The creation of a National Primary Care Data Service has been delayed due to funding issues.

Royal New Zealand College of General Practitioners medical director Richard Medlicott presented at the Emerging Tech in Health conference in Christchurch this month and told attendees that the project had been stymied by funding issues at the Ministry of Health.

The new service is intended to provide a joined-up view of primary care data to support the sector’s understanding of population health, quality improvement initiatives and health system planning.

“We need a national way of getting disparate reports from different PHOs [primary health organisations] back to PHOs, DHBs, MoH, doctors and the public as well,” said Medlicott.

He had been hoping to be getting the first reports out of a new system this year, but is now aiming for 2020.

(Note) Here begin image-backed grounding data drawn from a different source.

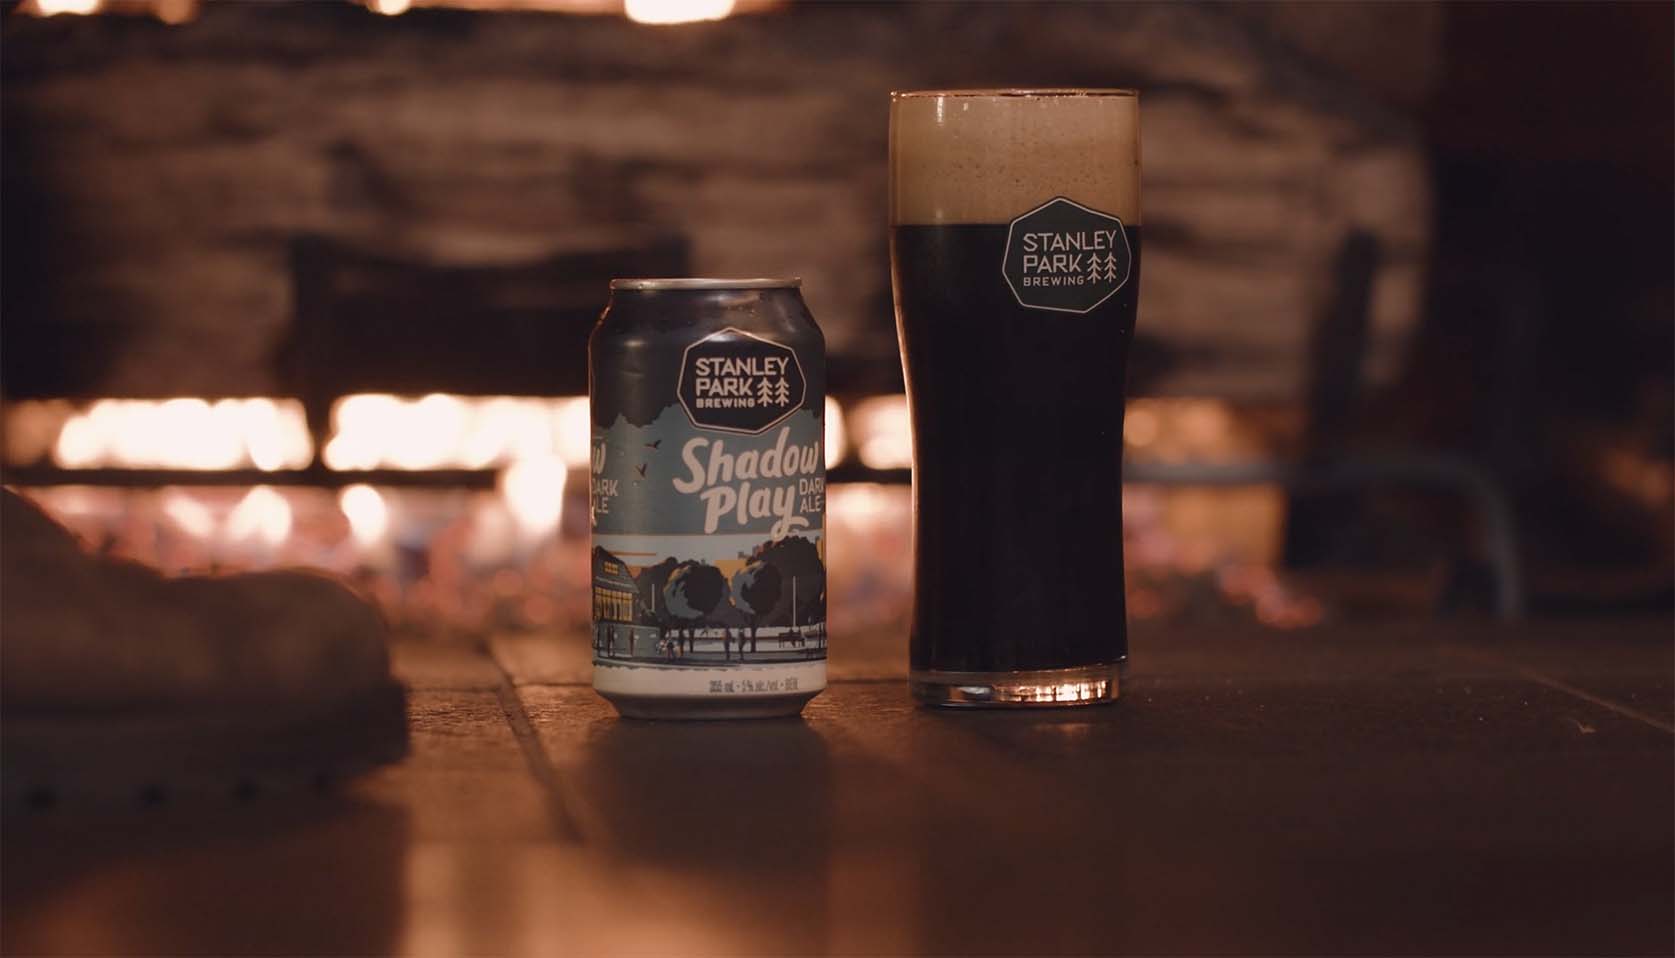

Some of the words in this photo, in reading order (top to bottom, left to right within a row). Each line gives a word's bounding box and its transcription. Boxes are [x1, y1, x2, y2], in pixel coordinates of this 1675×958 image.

[1023, 230, 1117, 252] STANLEY
[1023, 253, 1082, 274] PARK
[1023, 276, 1084, 287] BREWING
[696, 357, 789, 376] STANLEY
[696, 377, 753, 396] PARK
[696, 398, 755, 408] BREWING
[672, 426, 818, 494] Shadow
[700, 481, 809, 541] Play
[800, 496, 821, 512] ALE

The project has stalled because the total cost is expected to be about $10 million over five years, which means it has to go through a business case process.

However, the pause may allow the project to take advantage of new technologies.

“The silver lining is that technology has changed and perhaps that six to 18-month pause might change the model – whether it’s a data lake or warehouse,” Medlicott said.

At the end of 2017, the primary care networks jointly funded an Expression of Interest for a National Primary Care Data Service.

The 23 respondents were whittled down to two providers, Pinnacle PHO’s innovation arm Ventures and Wellington’s DataCraft Analytics.